Solid-phase synthesis of tetrasubstituted pyrazoles, novel ligands for the estrogen receptor.

Most ligands for the estrogen receptor (ER) are not well suited for synthesis by combinatorial means, because their construction involves a series of carbon-carbon bond forming reactions that are not uniformly high yielding. In previous work directed to overcoming this limitation, we surveyed various phenol-substituted five-membered heterocycles, hoping to find a system that would afford both high ER binding affinity and whose synthesis could be adapted to solid-phase methods (Fink et al. Chem. Biol. 1999, 6, 206-219.) In this report, we have developed a reliable and efficient solid-phase method to prepare the best of these heterocycles, the tetrasubstituted pyrazoles, and we have used this methodology to produce small, discrete libraries of these novel ER ligands.

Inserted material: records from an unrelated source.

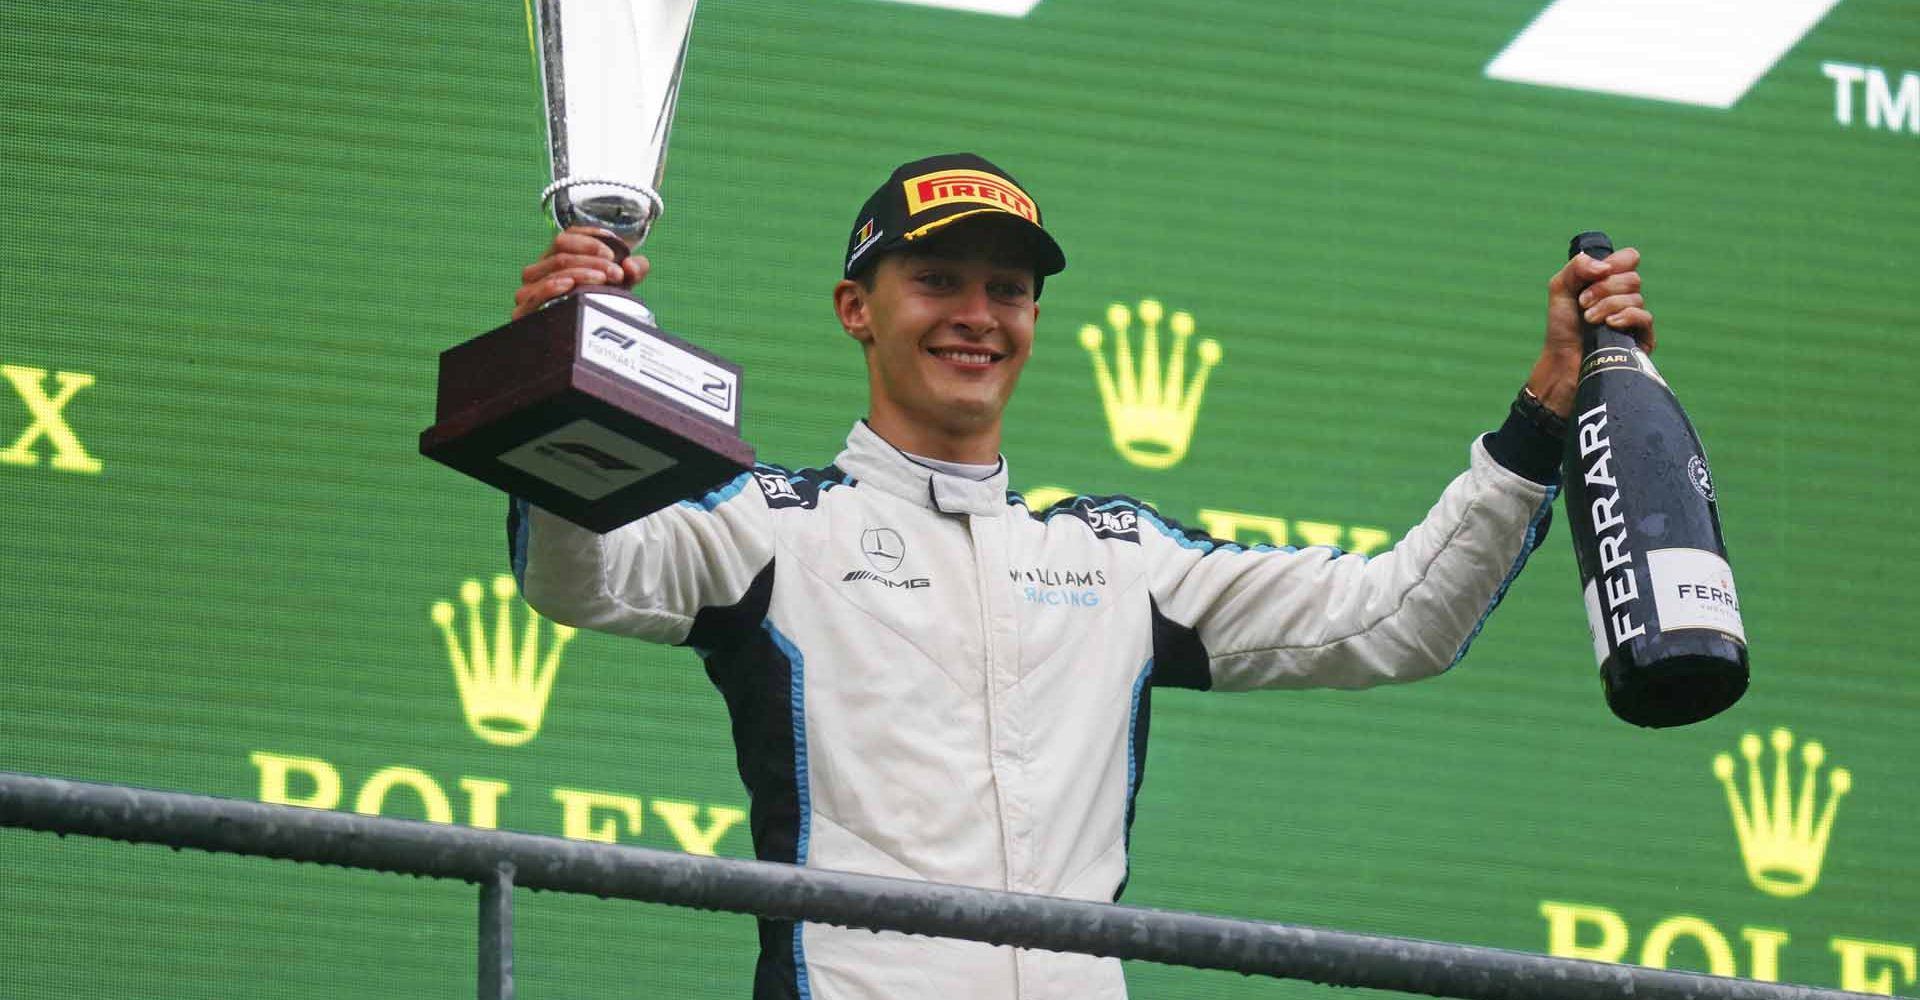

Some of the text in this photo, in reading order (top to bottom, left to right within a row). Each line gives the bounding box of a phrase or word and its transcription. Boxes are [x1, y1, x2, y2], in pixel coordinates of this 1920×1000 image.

[917, 176, 1033, 222] PIRELLI
[592, 327, 636, 350] F1
[759, 478, 797, 496] OM
[1697, 467, 1710, 490] 2
[1578, 402, 1646, 646] FERRARI
[872, 575, 930, 589] AMG
[1009, 568, 1106, 586] WILLIAMS
[1024, 586, 1100, 607] RACING

We used a combination of FT-IR and nanoprobe (1)H NMR-MAS to characterize intermediates leading up to the final pyrazole products directly on the bead. We also developed a scavenging resin, which enabled us to obtain products free from inorganic contaminants. We prepared a 12-member test library, and then a 96-member library, and in both cases we determined product purity and ER binding affinity of all of the library members. Several interesting binding affinity patterns have emerged from these studies, and they have provided us with new directions for further exploration, which has led to pyrazoles having high affinity and potency as agonists and antagonists toward the ER alpha subtype.